• Supplied records
★ ★ ★ ★

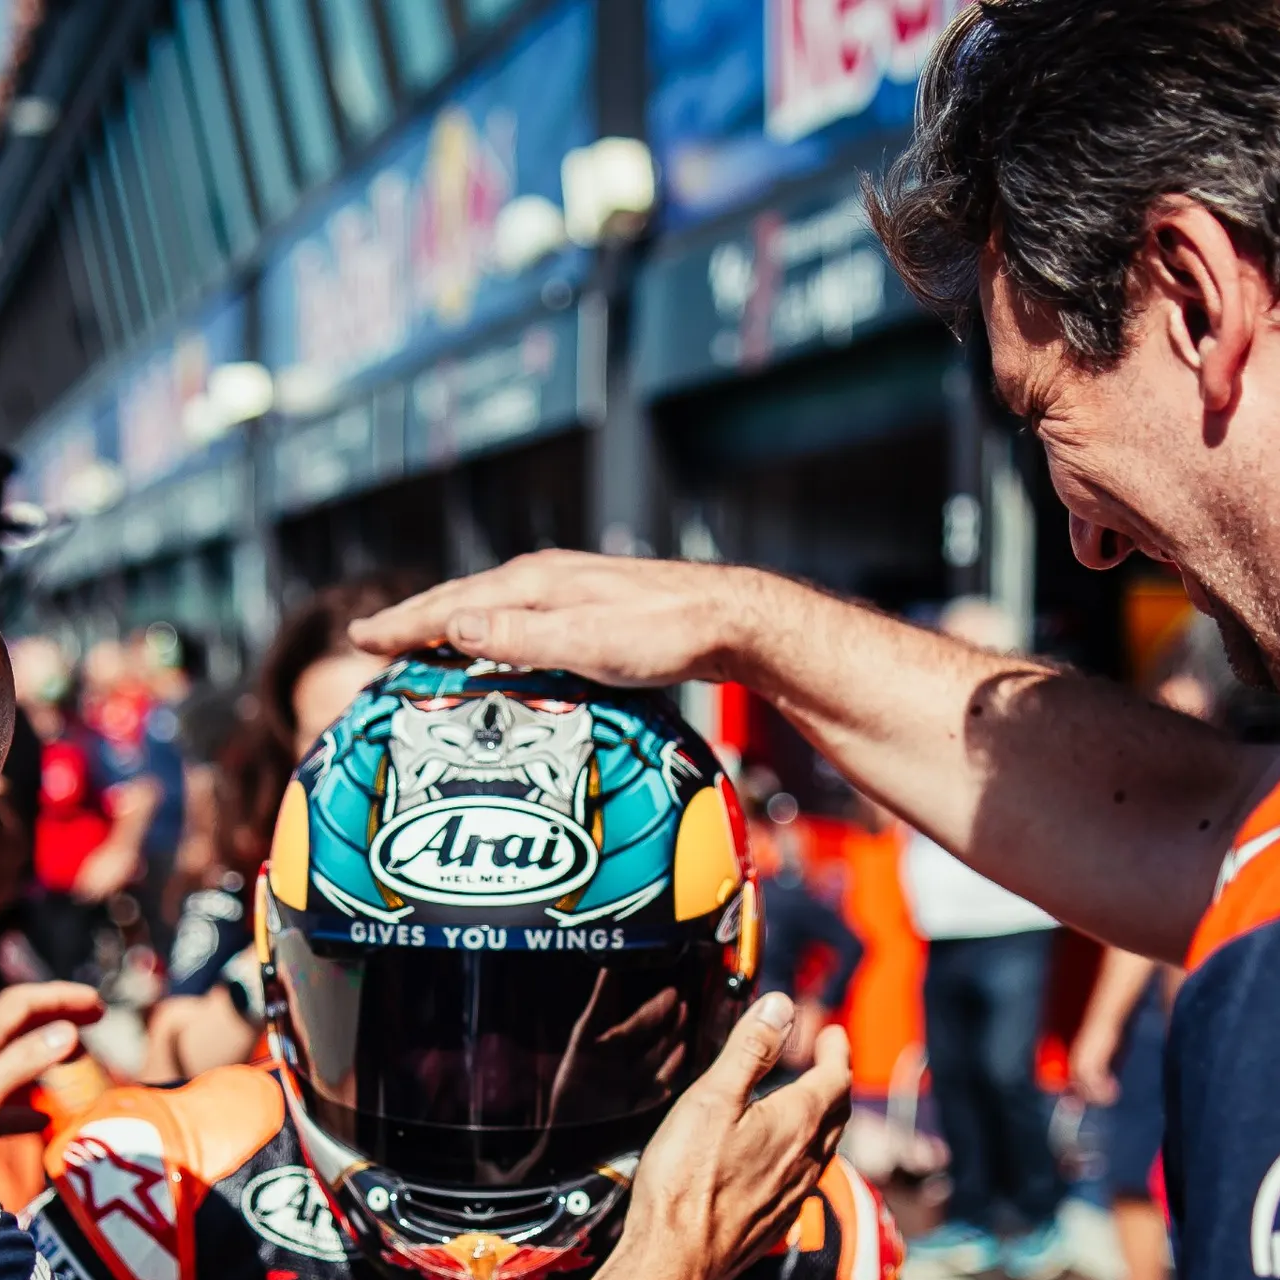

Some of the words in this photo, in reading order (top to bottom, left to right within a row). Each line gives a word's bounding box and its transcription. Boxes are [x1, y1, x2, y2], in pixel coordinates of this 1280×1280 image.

[387, 815, 563, 870] Arai
[350, 921, 426, 947] GIVES
[443, 927, 508, 950] YOU
[523, 928, 626, 950] WINGS

★ ★ ★ ★

• Task to carry out
The response is the full listing, copied exactly, with the pictures omitted.

• Exercise result
Some of the words in this photo, in reading order (top to bottom, left to right within a row). Each line gives a word's bounding box and its transcription. Boxes are [x1, y1, x2, y2], in pixel coordinates of this 1280×1280 image.

[387, 815, 563, 870] Arai
[350, 921, 426, 947] GIVES
[443, 927, 508, 950] YOU
[523, 928, 626, 950] WINGS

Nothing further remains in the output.